The words which we have to construe are “the nearest in kin of us.” Following upon these words are the words “the said David Wilson and Isabel Wood” equally, but I do not see that the

Page: 653

mention of these names makes any difference. I Now, I cannot help thinking that the spouses were dealing with the nearest of kin of the spouses as constituting one class. It is said to be strange that persons wholly unconnected should make a class in a settlement of this kind. But I see nothing startling in that. A husband and wife, with no children of their own, very often look on the nearest relations of the spouses on both sides as having claims upon them, and as being in fact members of their family. It rather appears to me that that is the spirit which we find expressed in this deed—“We will just leave our whole estate to all our next-of-kin, yours as well as mine.” I cannot construe the deed in any other way. And this view—that one class was intended, and an equal division among the members of that class—is supported by the clause nominating an executor. It is quite plain that there was a confusion of ideas. The survivor was to be executor of the predeceasing spouse, and when he died the nearest of kin were to be his or her executor. The cause of this blunder was an attempt to put two sentences into one. What was meant was this—“We nominate and appoint the survivor to be executor of the party predeceasing, and on the death of the survivor we appoint the next-of-kin to be executors.” That is to say, when the last deceasing spouse dies, the executors are to be the next-of-kin of the spouses. That cannot be the next-of-kin of one of the spouses, nor one individual of each class of the next-of-kin. Neither of those constructions will do. So no construction of the expression next-of-kin in that clause will do which excludes the next-of-kin of husband and wife from being executors. But if all the next-of-kin are to come in as executors, that raises a strong presumption in favour of the same construction in the dispositive clause. I think the result is that it is impossible to extract anything in support of the contention that there is to be a division between two sets of next-of-kin who are in no way divided in the deed.

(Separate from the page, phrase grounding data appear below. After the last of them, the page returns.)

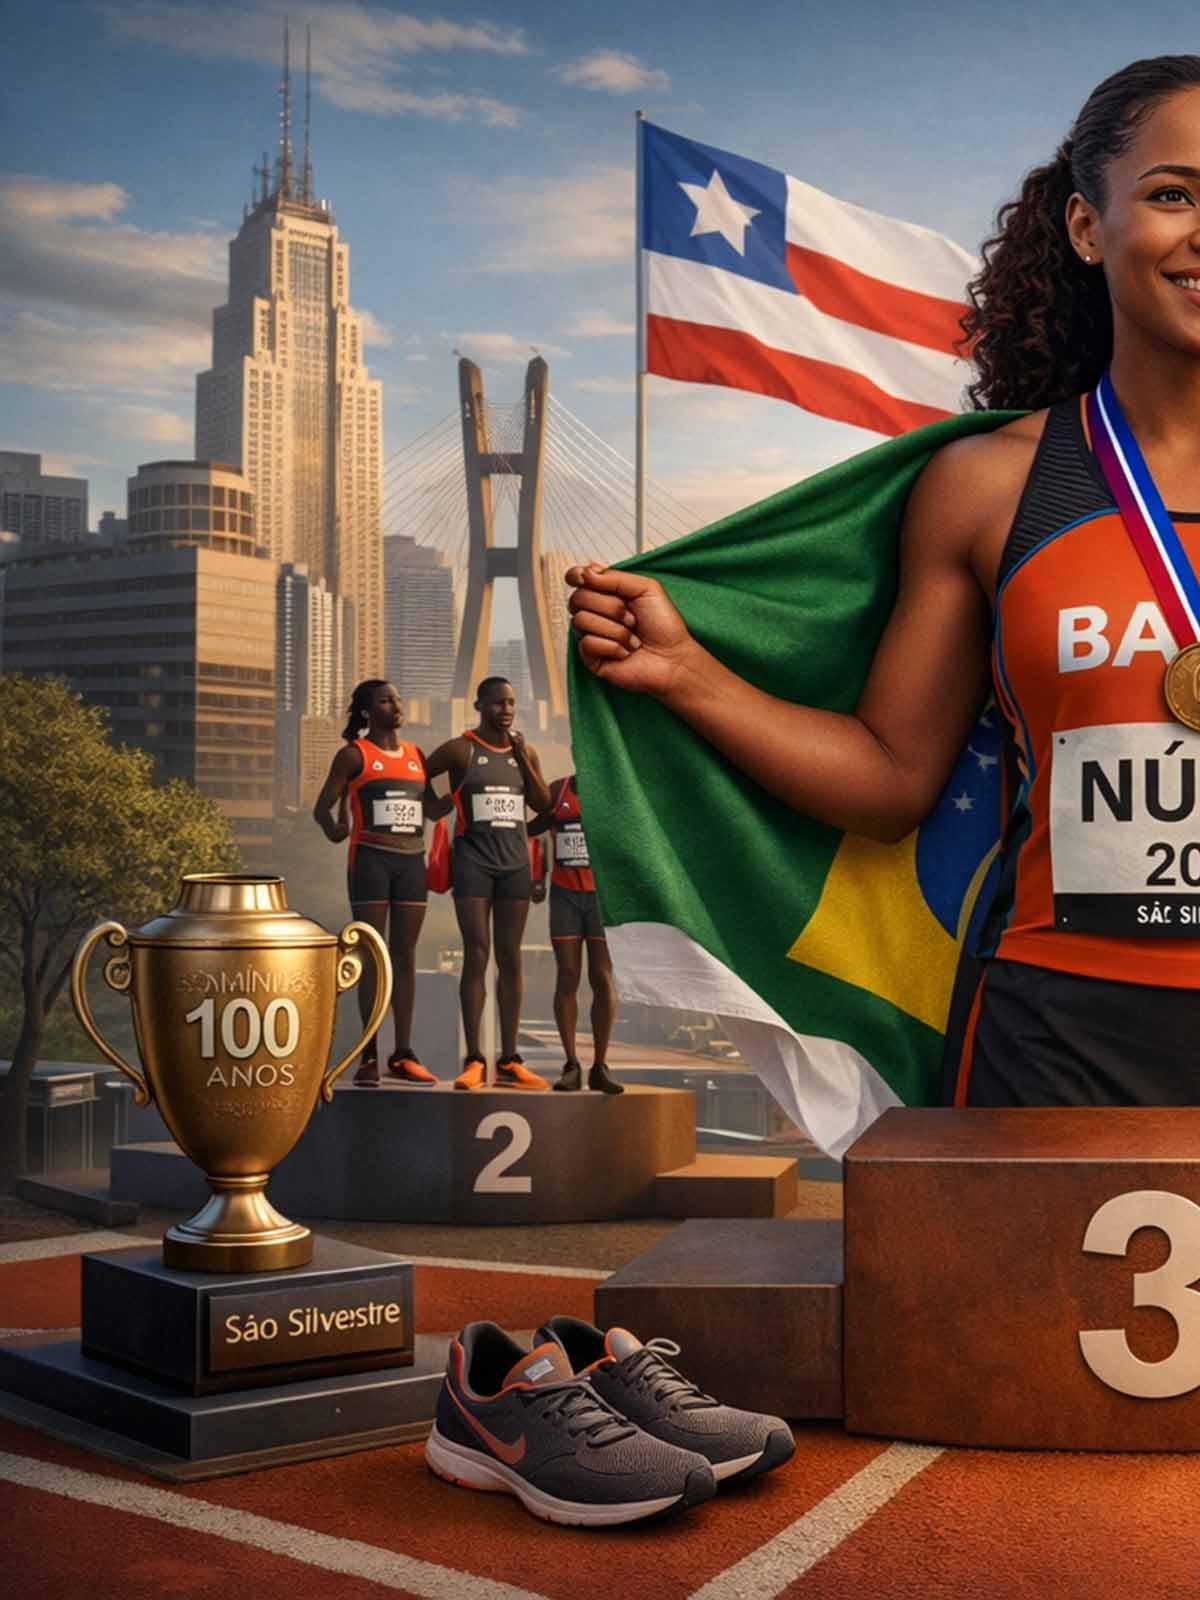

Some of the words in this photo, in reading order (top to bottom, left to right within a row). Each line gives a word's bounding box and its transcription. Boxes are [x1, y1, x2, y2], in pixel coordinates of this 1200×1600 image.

[185, 997, 300, 1059] 100
[206, 1063, 295, 1088] ANOS
[473, 1111, 532, 1193] 2
[288, 1301, 401, 1337] Silvestre
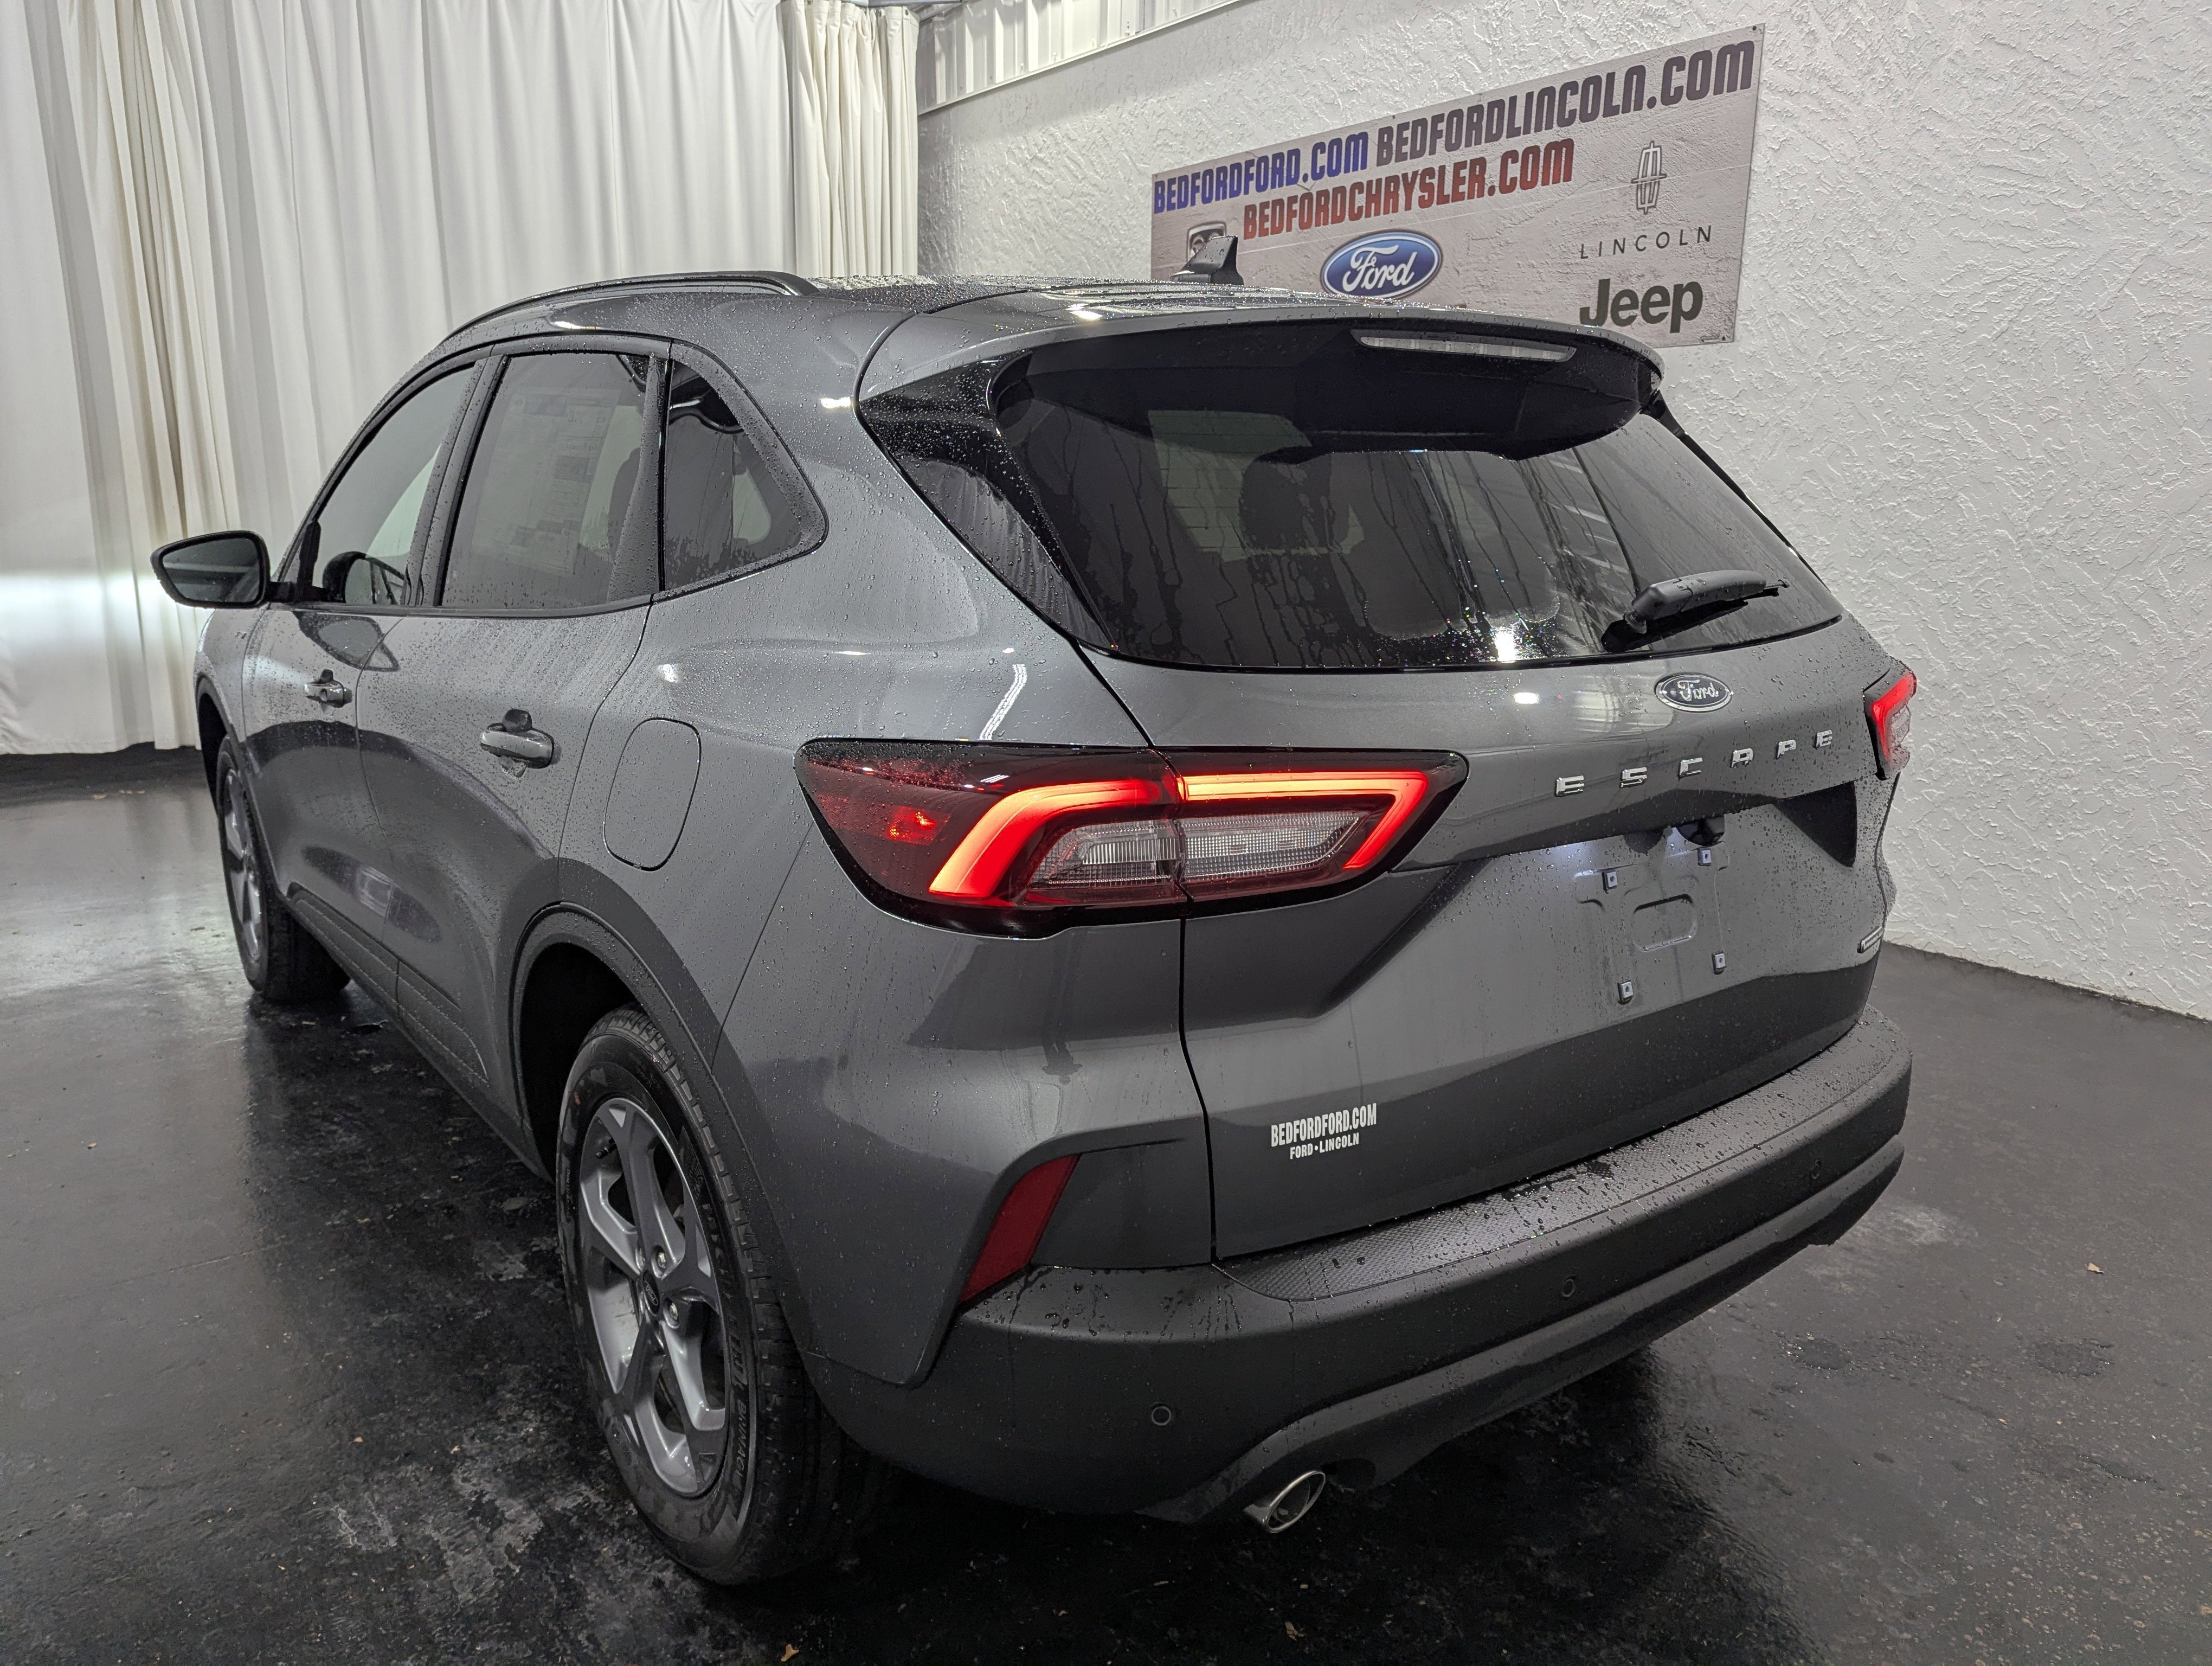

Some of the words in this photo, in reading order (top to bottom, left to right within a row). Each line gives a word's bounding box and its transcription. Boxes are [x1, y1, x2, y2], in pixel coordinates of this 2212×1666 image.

[1154, 131, 1368, 214] BEDFORDFORD.COM
[1376, 40, 1754, 166] BEDFORDLINCOLN.COM
[1244, 138, 1574, 240] BEDFORDCHRYSLER.COM
[1342, 244, 1418, 292] Ford
[1580, 225, 1712, 259] LINCOLN
[1579, 278, 1703, 334] Jeep
[1677, 679, 1719, 701] Ford
[1555, 729, 1832, 797] ESCAPE
[1271, 1103, 1377, 1148] BEDFORDFORD.COM

Lords Mure, Shand, and Adam concurred.

The Court answered the question by finding that the nearest in kin of both spouses were to be treated as one class, and that the succession was to be divided equally among the individuals of that class.

Counsel:

Counsel for the First Party— Pearson—Guthrie. Agents— H. & H. Tod, W.S.

Counsel for the Second Parties— Comrie Thomson—A. J. Young. Agents— Welsh & Forbes, S.S.C.